→ DATA
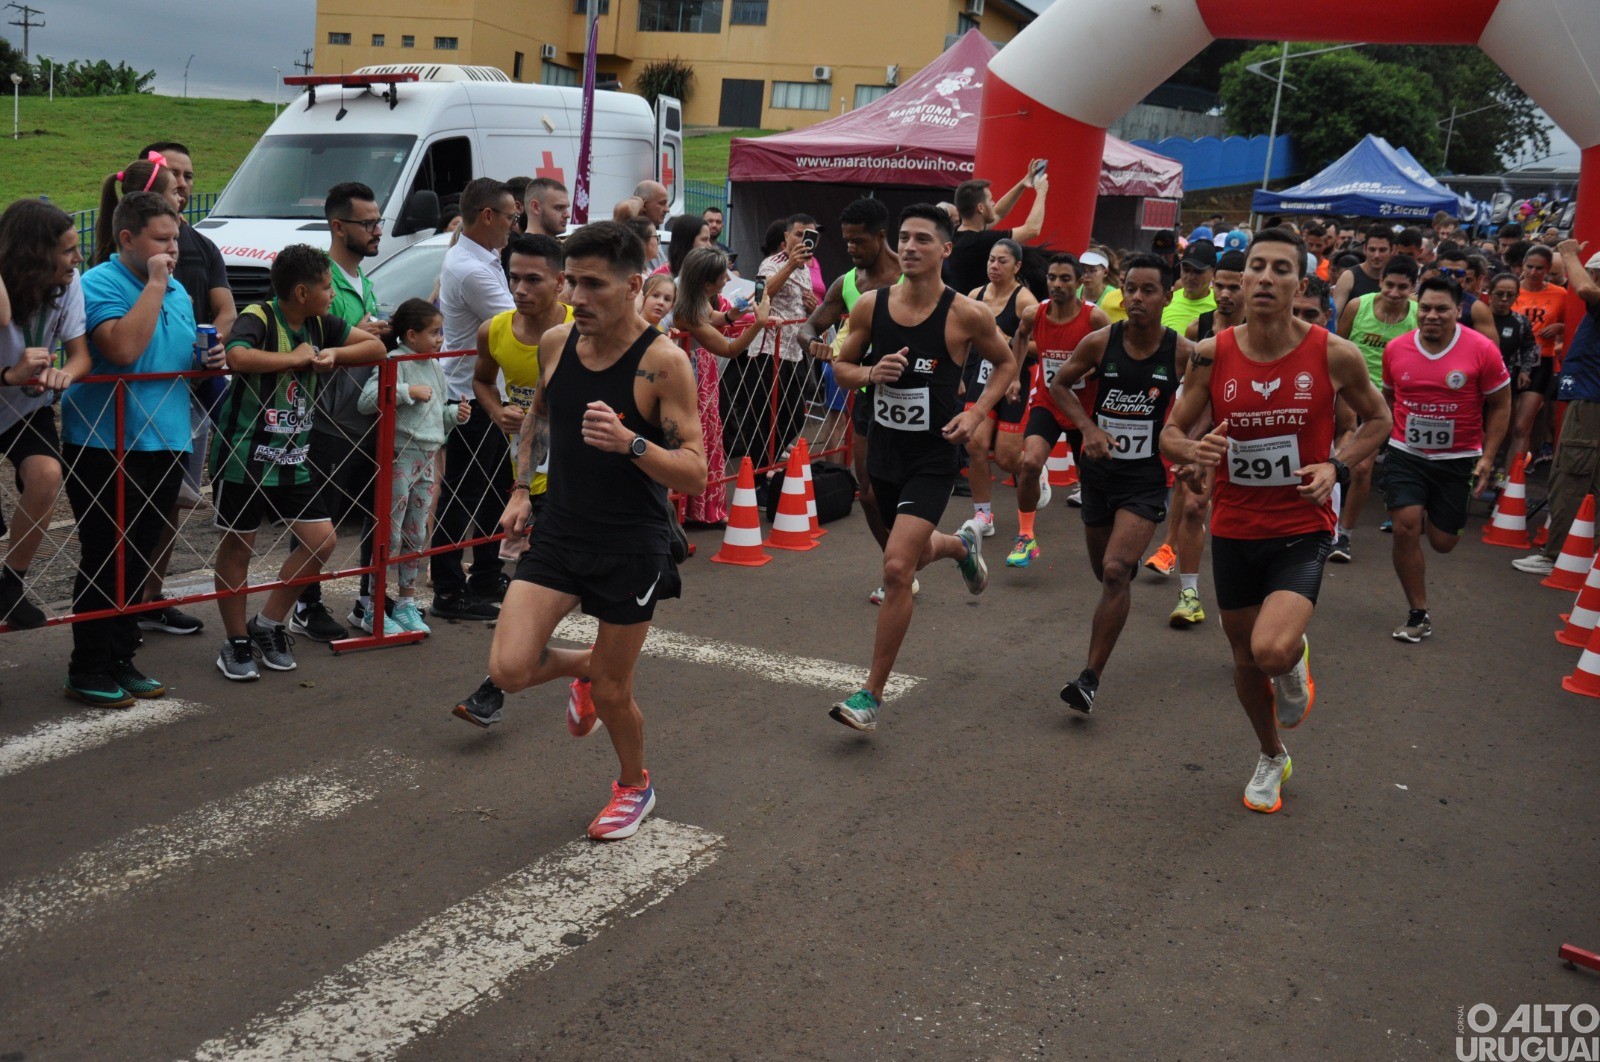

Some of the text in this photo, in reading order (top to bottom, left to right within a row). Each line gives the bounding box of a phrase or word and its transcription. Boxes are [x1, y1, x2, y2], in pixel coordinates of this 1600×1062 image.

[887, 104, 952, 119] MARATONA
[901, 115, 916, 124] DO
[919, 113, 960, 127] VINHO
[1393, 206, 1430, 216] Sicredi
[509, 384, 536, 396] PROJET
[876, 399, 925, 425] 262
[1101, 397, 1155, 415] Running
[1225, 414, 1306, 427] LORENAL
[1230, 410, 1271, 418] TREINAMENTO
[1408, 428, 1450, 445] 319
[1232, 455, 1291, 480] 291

→ WHAT IS EXPECTED
Reproduce every line above exactly as written, omitting the images.

→ ANSWER TO THE EXERCISE
Some of the text in this photo, in reading order (top to bottom, left to right within a row). Each line gives the bounding box of a phrase or word and its transcription. Boxes are [x1, y1, x2, y2], in pixel coordinates of this 1600×1062 image.

[887, 104, 952, 119] MARATONA
[901, 115, 916, 124] DO
[919, 113, 960, 127] VINHO
[1393, 206, 1430, 216] Sicredi
[509, 384, 536, 396] PROJET
[876, 399, 925, 425] 262
[1101, 397, 1155, 415] Running
[1225, 414, 1306, 427] LORENAL
[1230, 410, 1271, 418] TREINAMENTO
[1408, 428, 1450, 445] 319
[1232, 455, 1291, 480] 291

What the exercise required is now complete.